Big fund names such as Aviva, M&G and Aberdeen have had to take drastic action to protect their property funds this week as an influx of withdrawal requests by investors worried about the future of the property market led to trading being suspended and some only allowing people to take money out at discounted rates..
Many of these funds predominantly invest in commercial property so will be of little interest to a buy-to-let landlord or buy-to-let investor, but some also include an option to invest in the residential market.
There is also a risk of contagion and that the lack of investor confidence spreads into the residential market.

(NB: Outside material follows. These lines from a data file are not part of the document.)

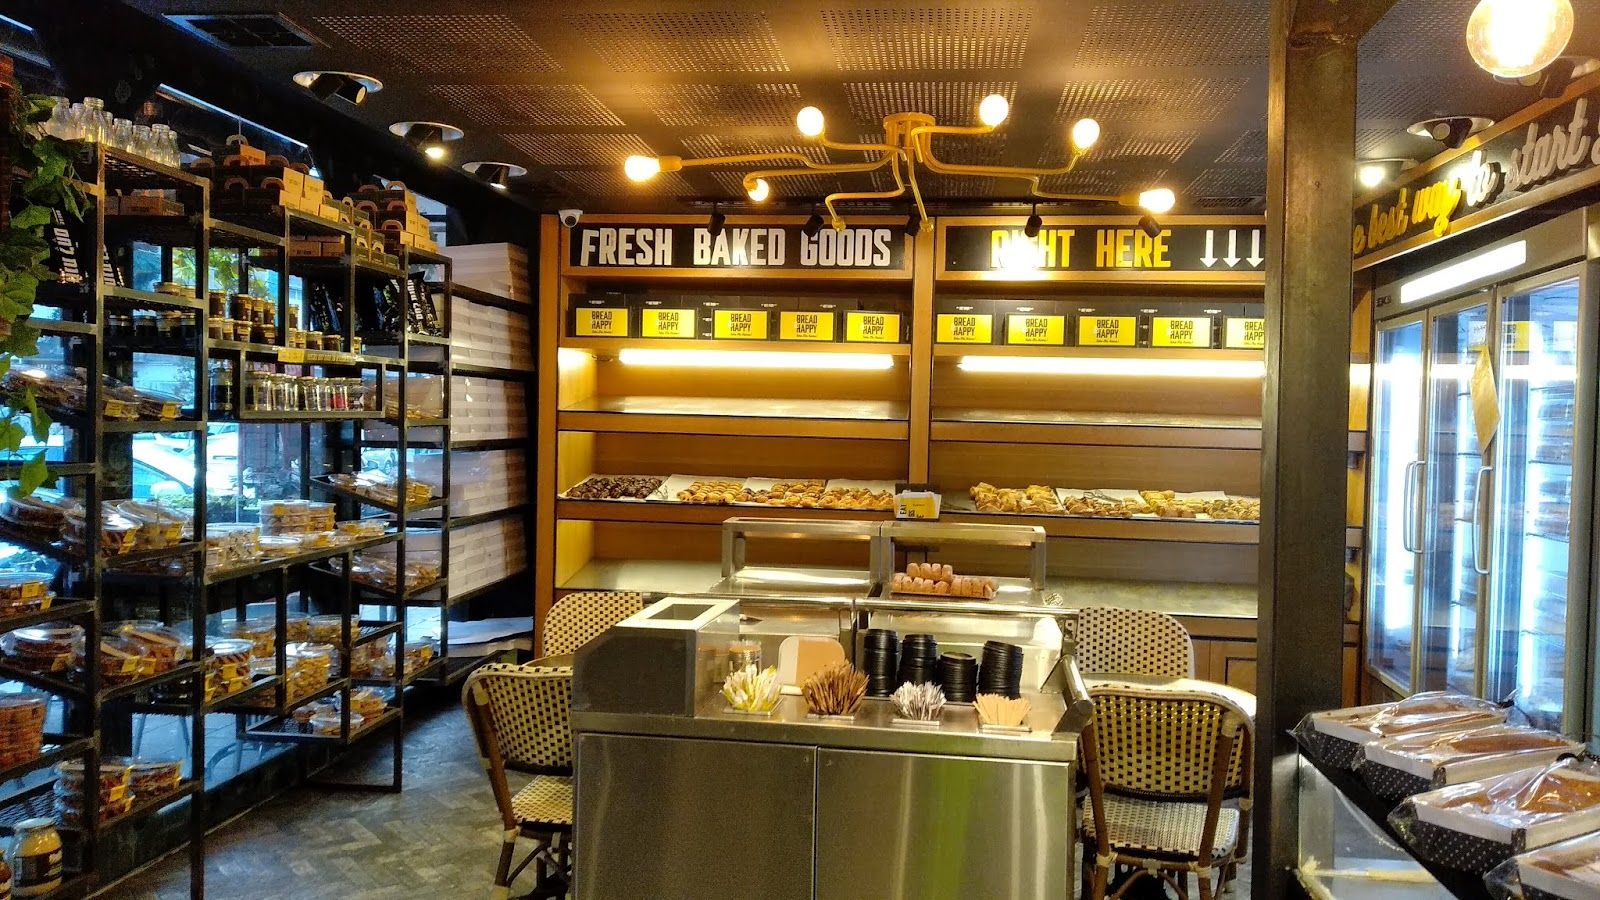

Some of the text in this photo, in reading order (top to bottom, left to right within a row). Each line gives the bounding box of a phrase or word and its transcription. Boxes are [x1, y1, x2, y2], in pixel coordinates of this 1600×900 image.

[1368, 187, 1408, 248] best
[1503, 97, 1591, 192] start
[580, 228, 892, 266] FRESH BAKED GOODS
[990, 229, 1172, 268] RHT HERE
[592, 311, 612, 320] BREAD
[658, 312, 678, 321] BREAD
[730, 314, 751, 322] BREAD
[796, 315, 817, 323] BREAD
[864, 316, 884, 325] BREAD
[954, 317, 975, 326] BREAD
[1026, 318, 1047, 327] BREAD
[1097, 320, 1119, 328] BREAD
[1170, 321, 1193, 329] BREAD
[592, 321, 612, 330] HAPPY
[659, 322, 678, 330] HAPPY
[731, 323, 750, 332] HAPPY
[796, 324, 816, 333] HAPPY
[863, 326, 883, 334] HAPPY
[1245, 321, 1264, 330] BREA
[954, 327, 974, 336] HAPPY
[1026, 328, 1046, 337] HAPPY
[1096, 329, 1118, 338] HAPPY
[1170, 330, 1192, 339] HAPPY
[1244, 332, 1264, 340] HAPP
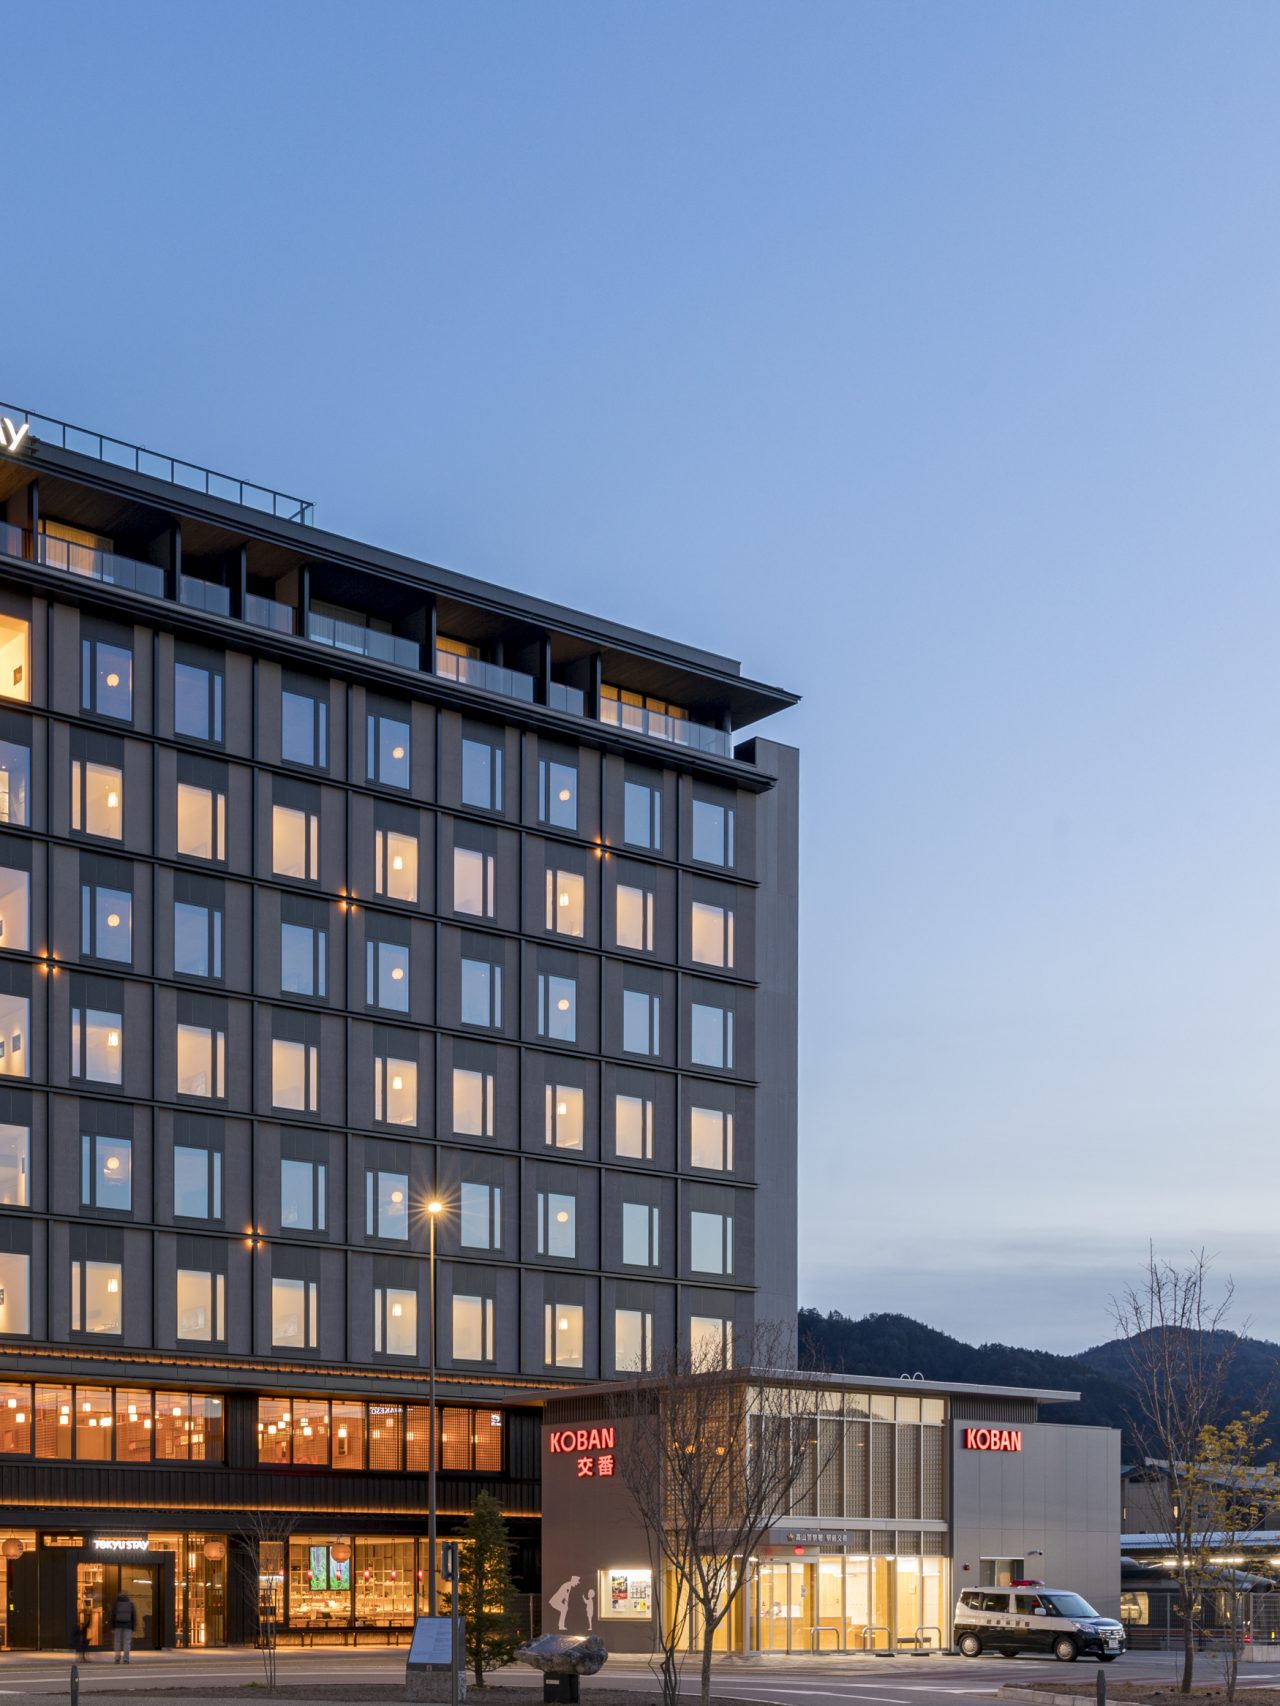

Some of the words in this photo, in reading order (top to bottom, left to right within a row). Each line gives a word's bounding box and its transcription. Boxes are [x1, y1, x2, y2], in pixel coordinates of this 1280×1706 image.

The pressure on property funds come at a time that the Government has been courting institutional investors to help with house building through the Build to Rent fund. Housing minister Brandon Lewis has also spoken about making the buy-to-let sector more professional and to move it towards institutional ownership and away from rogue landlords.
Many lettings agents and landlords have warned this could result in the smaller guys getting shut out.
But if funds need to sell assets to meet withdrawal requests and have less money to invest, can they really help the housing crisis, and could smaller players fill the gap?
Faisal Durrani, head of research for real estate consultancy Cluttons, said: “Fear appears to be getting the better of the retail funds, with four major funds suspending redemptions due to Brexit contagion concerns. On the surface, such moves appear to be underpinned by overall nervousness and a knee jerk reaction to the unknown impacts of the June 23 results.”
“The Build to Rent sector is still in its infancy and the availability of appropriate stock in the London market remains a fundamental issue and a driver of house price growth. There is no doubt that the events of the past 10 days is likely to stall the completion of schemes yet to come out of the ground, which may well raise the prospects for smaller developers to capitalise on the depth of demand for home ownership, which remains unwavering.
“Furthermore, with the pound tumbling to unprecedented lows against the US dollar, some international buyers are likely to find London property irresistible.”
Phil Jardine, a senior partner in the real estate team at Blake Morgan, says in many ways this is history repeating itself, he said: “Uncertainty tends to give rise to indecision and that precipitates a vicious negative spiralling decline reflected in markets, deals and jobs.
“In 2008 the fiscal crisis led to market meltdown. The house builders responded quickly by paring back on investment and development. This exacerbated the existential crisis in housing from which we have never recovered.
“The same post Brexit seems to be happening again. The mood music is not good. Apart from collapsing currency and stock values anecdotal evidence is seeping through that buyers are reluctant to commit, investors and developers are at best stepping back and institutional funds are withdrawing. Professionals are nervous.
“Worst of all however we are in political turmoil and nobody likes instability and the vacuum of leadership needs desperately to be filled.”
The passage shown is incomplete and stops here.